Four college kids spend a night in a murder house as an initiation ritual for a fraternity, even though two of them are girls… not sure how that works. In any case, this basket of deplorables is soon being depleted by their own stupidity; wandering off to check what that noise was, making little attempt to leave the grounds, and in once instance actually returning to the house having managed to escape… told you it was an ’80s slasher.
But apart from the plot, the acting, the jokes and the dialogue, it’s actually pretty good. While most of its contemporaries simply splice together sex and stabbings to make a quick buck, this actually seems to have been produced with the intention of making a halfway decent scary movie.

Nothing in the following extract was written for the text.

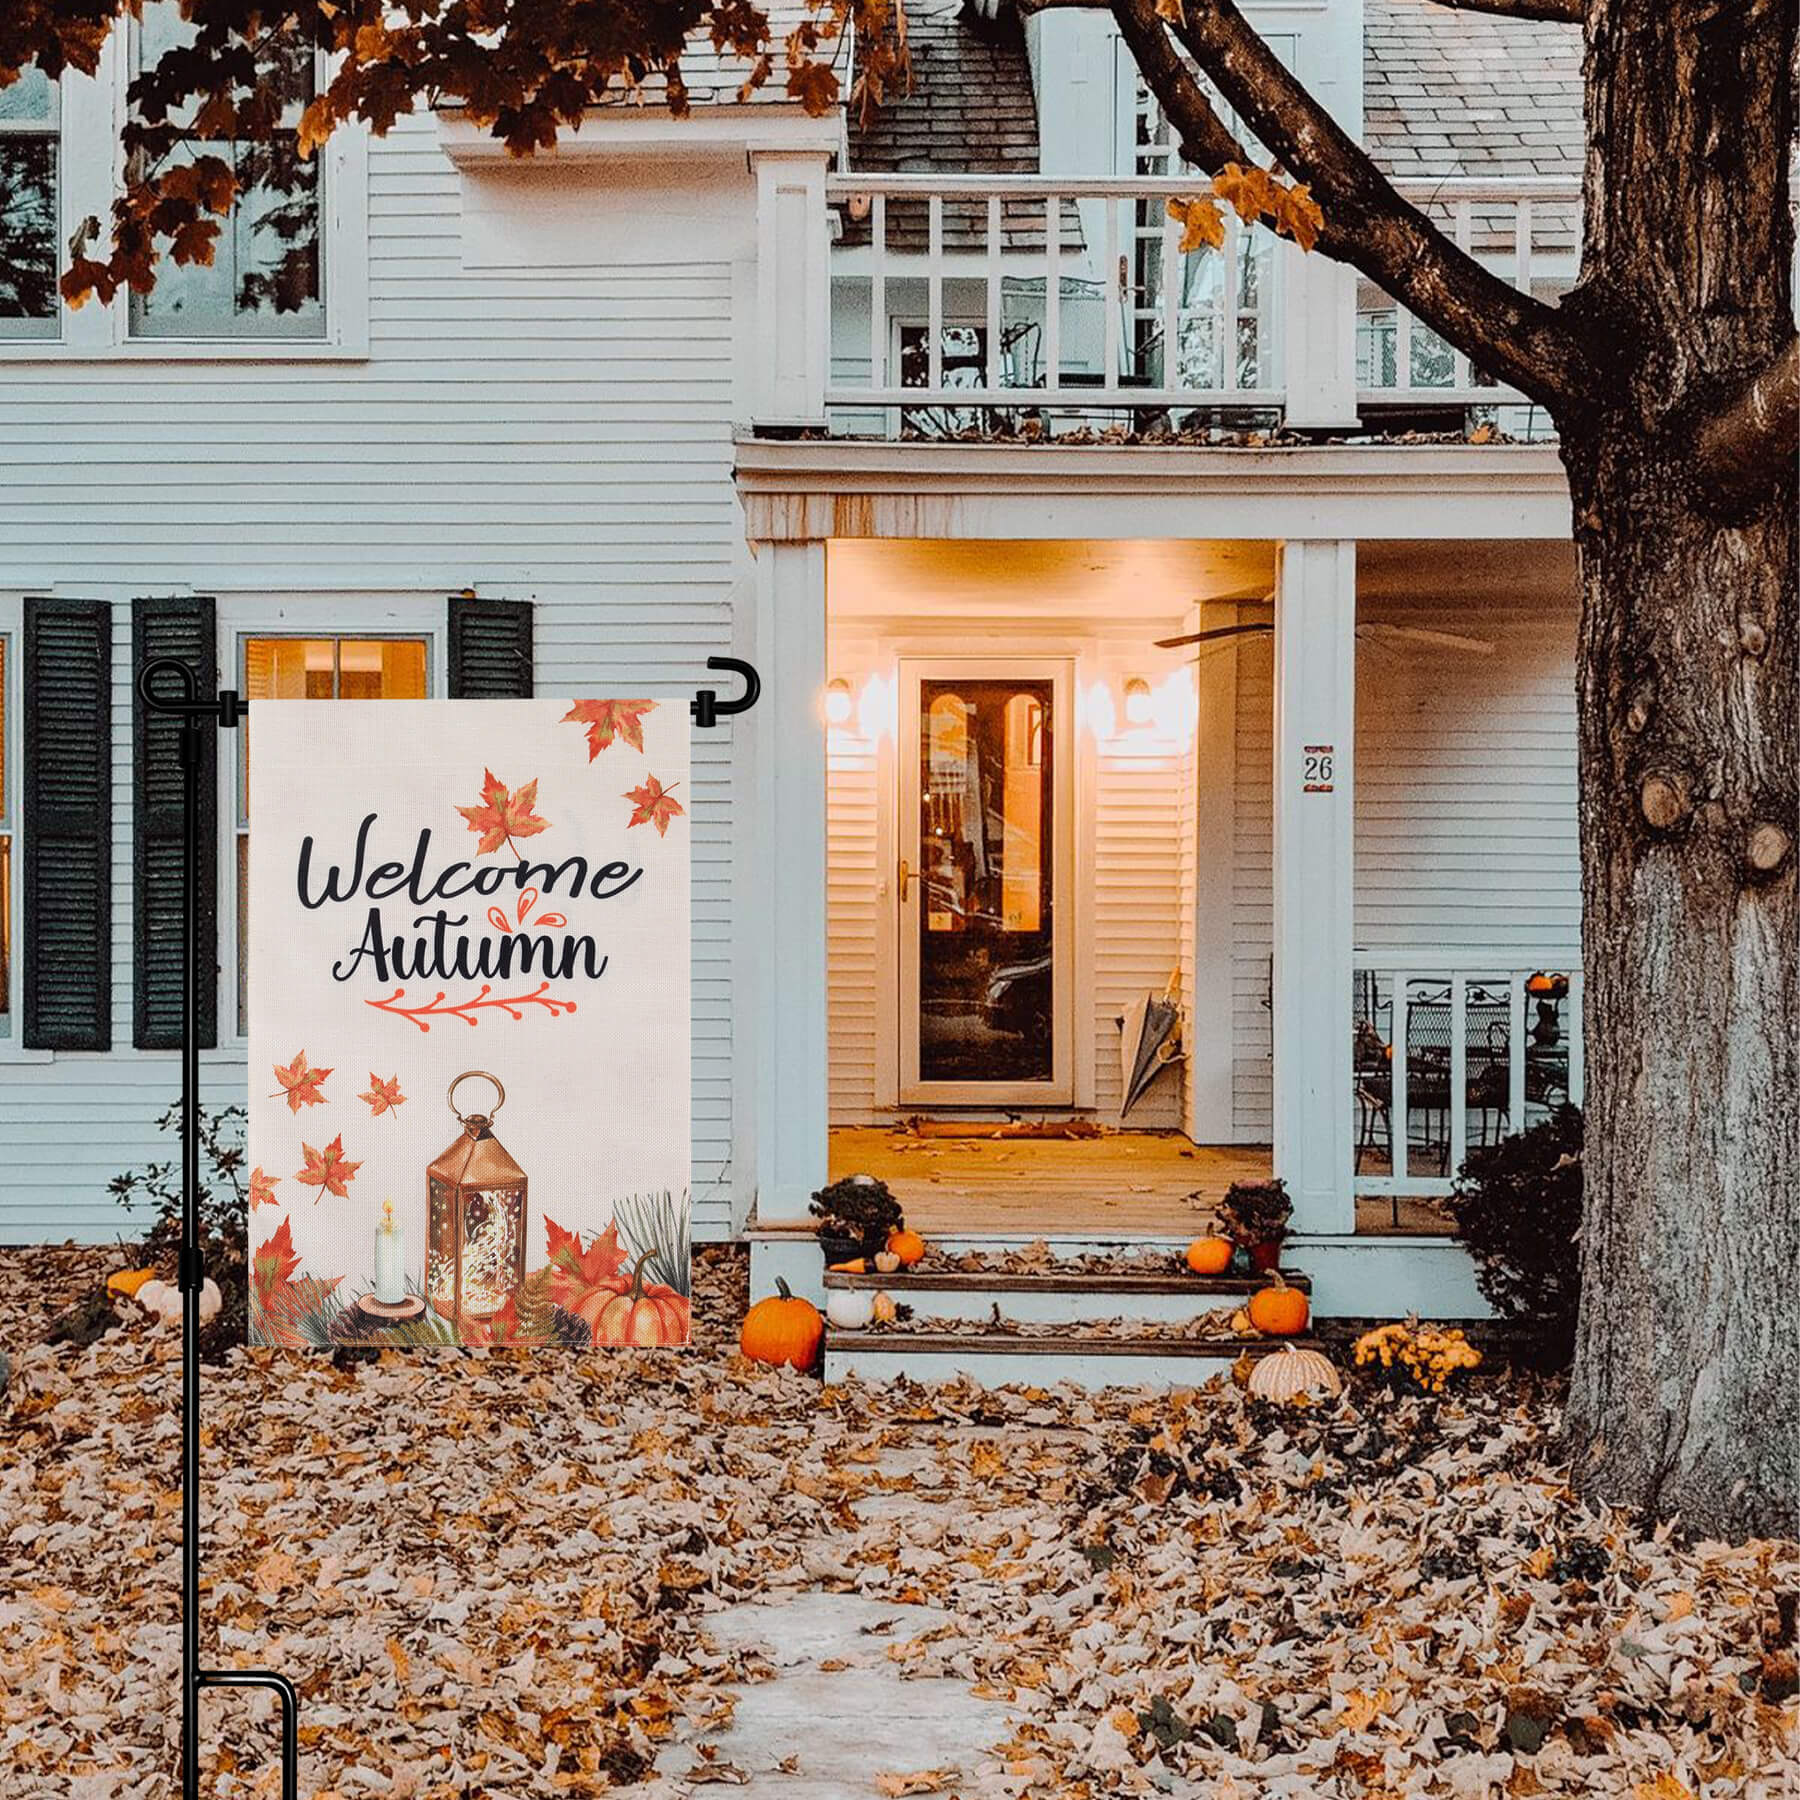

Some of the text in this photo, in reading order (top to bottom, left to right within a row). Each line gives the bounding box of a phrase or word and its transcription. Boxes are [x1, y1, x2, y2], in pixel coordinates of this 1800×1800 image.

[1304, 756, 1332, 780] 26
[298, 813, 644, 909] Welcome
[332, 908, 608, 982] Autumn

The production design is good (in the sense that there is some), Dan Wyman’s music is interesting and director Tom De Simone gives his scares room to breathe.

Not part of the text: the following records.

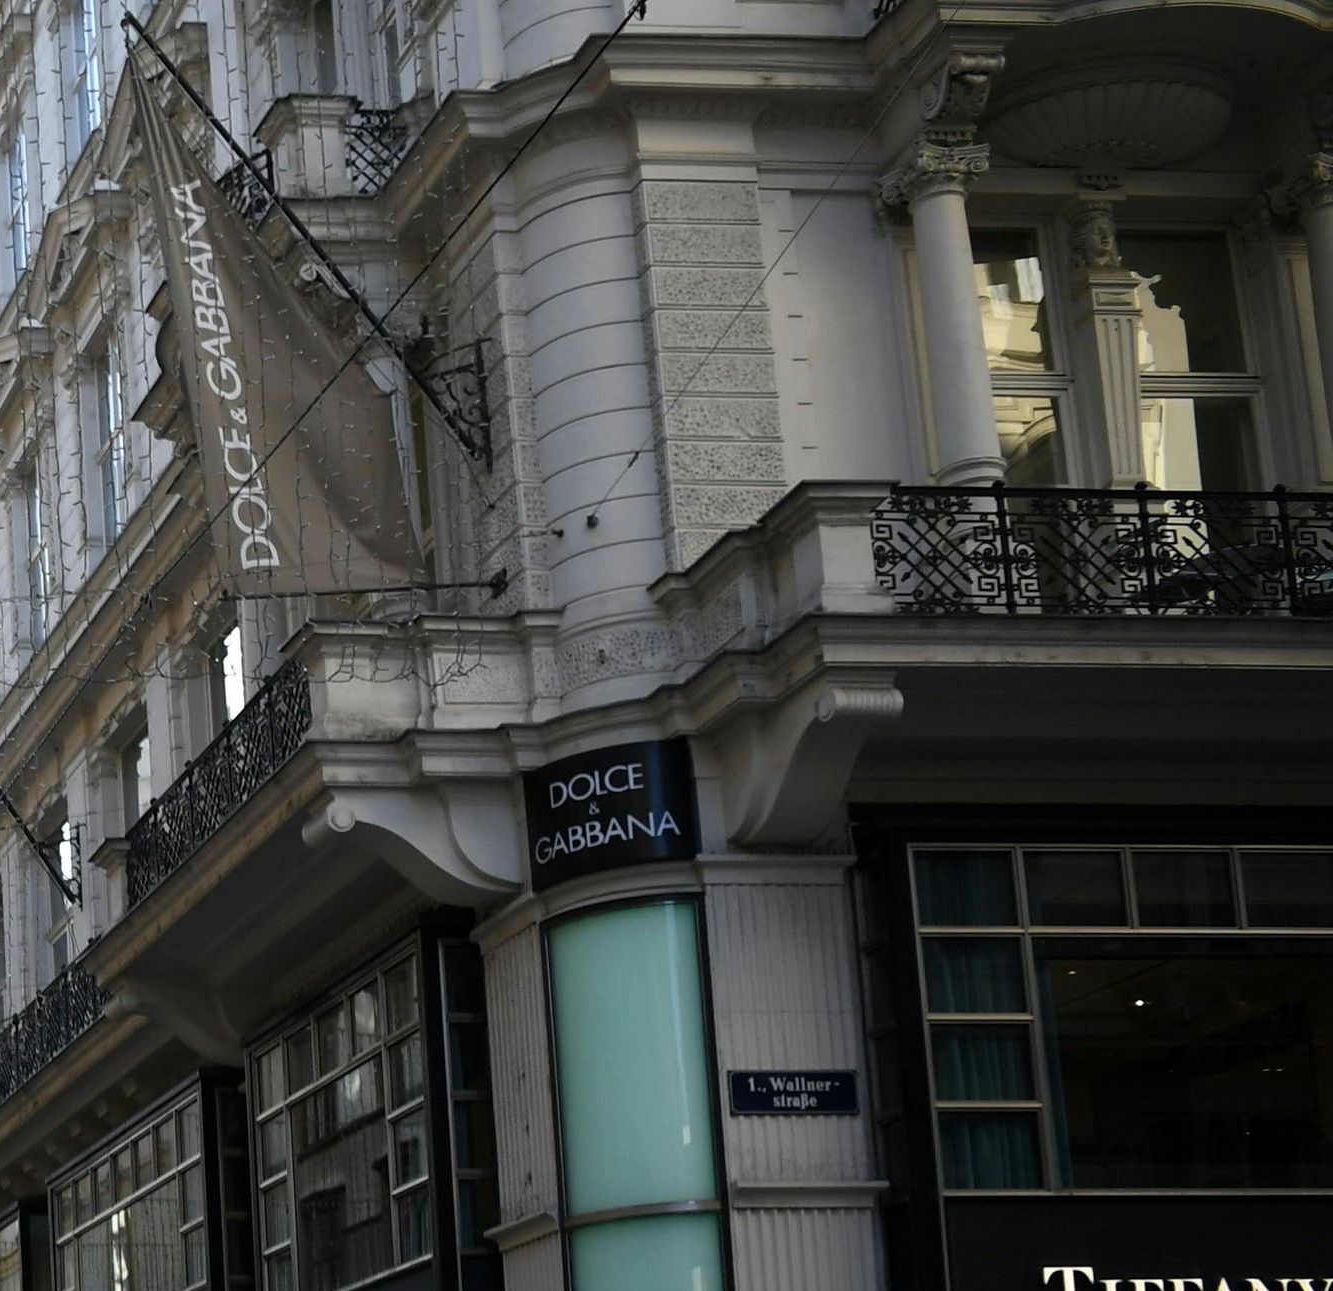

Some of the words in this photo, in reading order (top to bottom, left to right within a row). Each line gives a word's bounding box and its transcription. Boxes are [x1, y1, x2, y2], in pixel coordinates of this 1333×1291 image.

[171, 179, 243, 401] GABBANA
[230, 406, 248, 424] &
[217, 427, 281, 570] DOLCE
[549, 763, 644, 809] DOLCE
[588, 801, 600, 815] &
[535, 810, 681, 865] GABBANA
[773, 1093, 818, 1110] straße

A scream queen since childhood, Blair acts everybody else off the screen (not exactly difficult) as a screamy mechanic. When one scratches the surface of the genre, one finds it’s full of capable young women. Her Little Red Riding Hood costume denotes an innocence soon to be lost – or possibly just an excuse to show her cleavage (and it’s slightly odd to see the little girl from The Exorcist sexualised). With her cherubic face and golden locks, she really is the Shirley Temple of horror.
Although unoriginal, Hell Night is a hell of a lot of fun. Crafted with more care than the lazy likes of Prom Night or The House on Sorority Row, this is a superior entry into the 1980s slasher cycle. Mind you, there’s not much in the way of competition. As film critic and walking horror encyclopedia Kim Newman says: “Any film which is nicely acted, moderately restrained in its throat-slashing and keeps the boom microphone out of the frame looks like a classic.”
In this case, the film is a cut above the rest thanks to its focus on suspense, wisely keeping its villain (whose actor remains a mystery to this day) in shadow and making creepy use of its autumnal, gothic surroundings. Like its peers, it apes Halloween and Friday the 13th, but does so with a level of competence that keeps it watchable 35 years on… and when it comes to ’80s slashers, and the Republican Party, competence is in short supply.